1968, the year America vaporized (and then put itself back together again) is a year that has been written about a lot. In fact, I read a non fiction book years ago with the same title. In many ways it was sort of a culmination of all the tension and craziness that had been building and building. It was a turning point in public perception of the Vietnam War (which this book addresses)—young boomers picked up protest signs and rebelled against the war, their parents generation, equal rights, and the general status quo in record numbers. The DNC in Chicago went down. A number of promising politicians and activists were assassinated. The young people in the US were on the verge of monstrous cultural revolution—a psychedelic wind of change had swept the nation, and the Pentagon itself was to be lifted in to the air with the power of pure consciousness. As the revolutionary energy built and built….
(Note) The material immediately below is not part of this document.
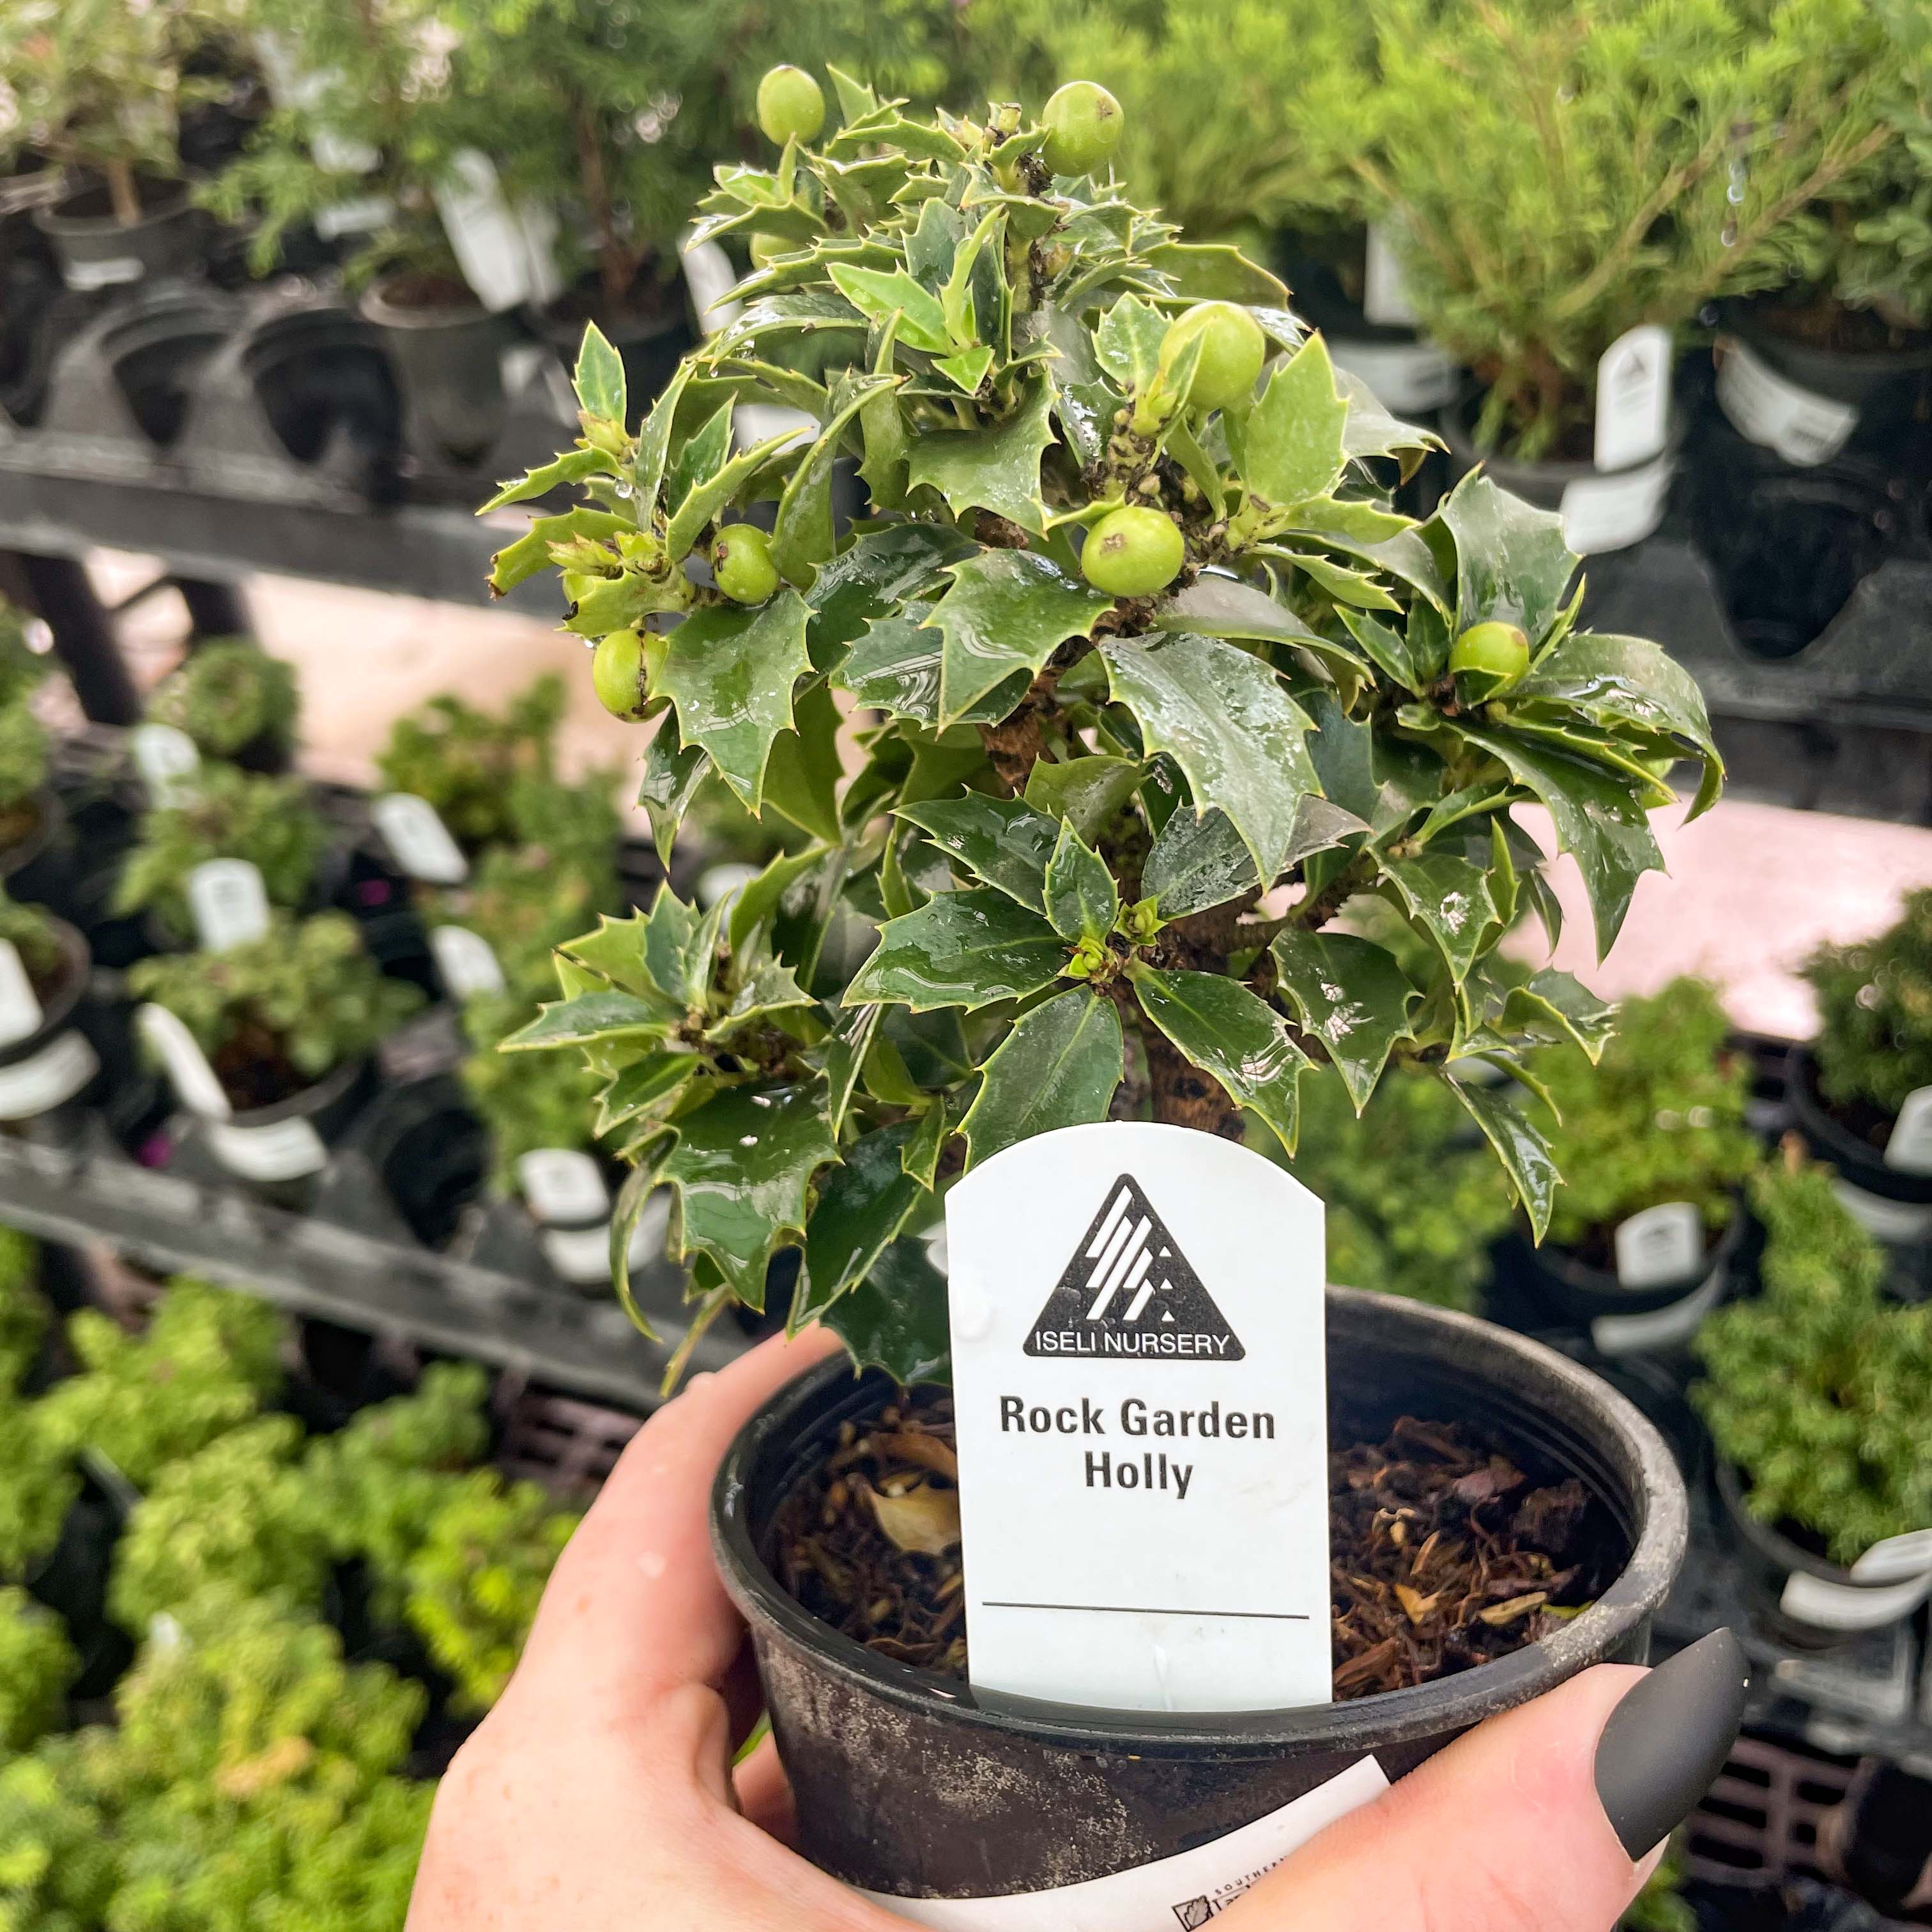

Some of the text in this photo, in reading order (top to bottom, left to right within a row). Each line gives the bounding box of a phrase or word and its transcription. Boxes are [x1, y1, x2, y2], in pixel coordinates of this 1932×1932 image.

Richard M. Nixon was elected President of the United States! 🎉 🎉 🥳 🥳 🎇
Yeah. Anyways. This book is mainly about two characters and their journeys through 1968. John Speidel (Spider) and his girlfriend, Beverly. Spider is shipped off to Vietnam to keep the world safe from communism and Beverly gets pulled into the dirty, dope-smoking, free-loving, nightmarishly optimistic world of hippies and 1968 style radical left-wing politics. This book is kind of two things—a Vietnam story (the majority of the book is about Vietnam and the effects of war on young minds), and young Beverly’s journey through the mind-expanding and radical side of the 60s. However, much more attention is given to Spider and his storyline.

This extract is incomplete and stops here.